Con el rabo del ojo me percate de que Jorge permanecía tirado y que un hilillo de sangre le salía de un lado de la boca. Mi padre, ya viejo y con mucha experiencia de la vida y de la muerte grito: ¡Este hombre está muerto!. Mientras que con el capote llevaba a la becerra a la zona de toriles, mis hermanos Felipe y José María bajaban de prisa al ruedo.

Todos sabíamos que Jorge padecía del corazón y que siempre llevaba consigno una píldora de nitroglicerina. Felipe a localizó en una bolsa de la camisa del Ranchero y la puso bajo la lengua. mientras que Chema le daba respiración de boca a boca, pero todo fue inútil.

Mi padre mi dio instrucciones de llevarlo de inmediato a Apizaco para que un médico lo atendería. Metí la reversa del coche que traía Jorge y lo colocamos en el asiento trasero. Carmona me acompaño a mi lado, en el delantero.

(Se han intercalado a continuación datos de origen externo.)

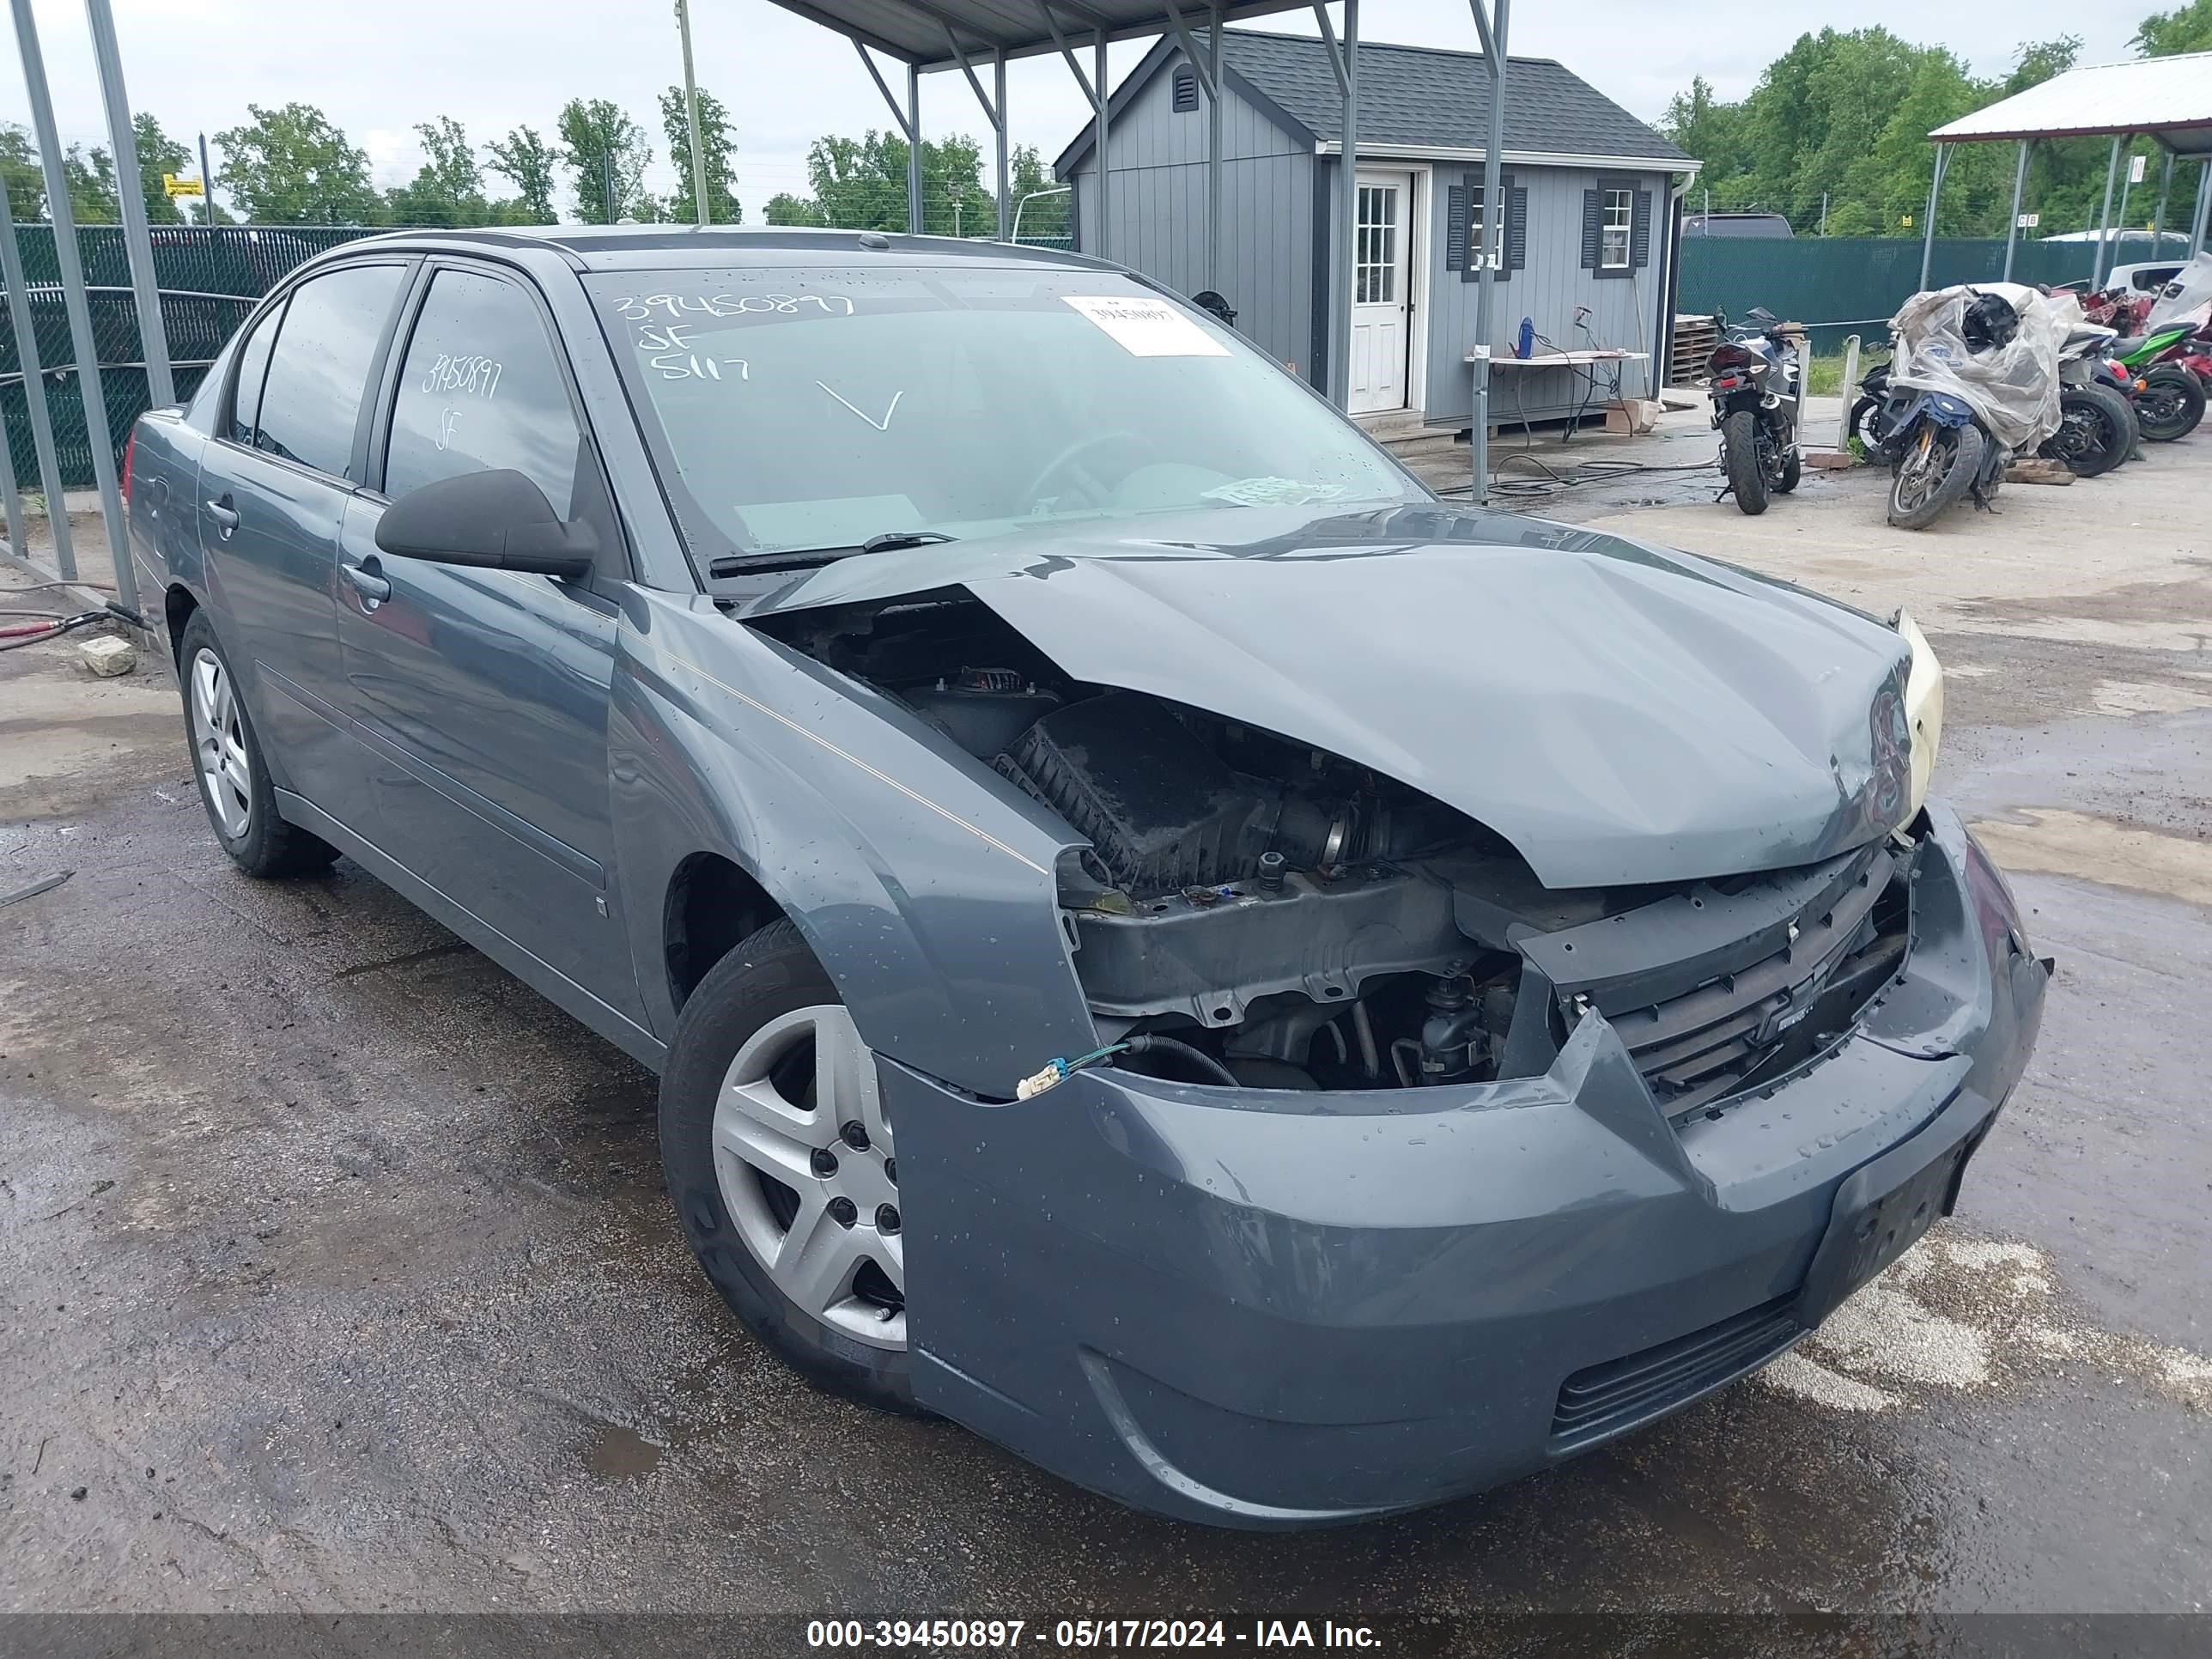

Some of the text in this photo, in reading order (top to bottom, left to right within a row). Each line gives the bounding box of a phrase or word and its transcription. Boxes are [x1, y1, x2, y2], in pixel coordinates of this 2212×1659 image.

En el camino, rumbo a Apizaco varias veces pregunté a Lázaro si respiraba contestándome siempre que no. Lázaro le dio masaje en su corazón pero inútilmente. Nos cruzamos con mi tía Carlota que se dirigía a la tienta con otros individuos pero ni me detuve. Ya en Apizaco me dirigí al sanatorio de Jesús donde el doctor León, enterado de lo acontecido salió con una jeringa para inyectarlos directamente en el corazón. Después de auscultarlo dijo: “Este hombre está muerto, nada se puede hacer”. Marce, mi mujer, quien se había adelantado para buscar oxigeno llegó en ese momento con un sacerdote que le administro la extremaunción. Decidimos llevarlo a la funeraria.

Más tarde, por teléfono, mi padre comunico la noticia a Teresita Muñoz, ahora Viuda de Aguilar y en pocos minutos medio mundo se enteró de que Jorge Aguilar “El Ranchero”, había muerto de un infarto cardíaco, toreando como un maestro en la ganadería de Coatzamaluca.
Paso así a formar parte de la leyenda de los grandes hombres tlaxcaltecas.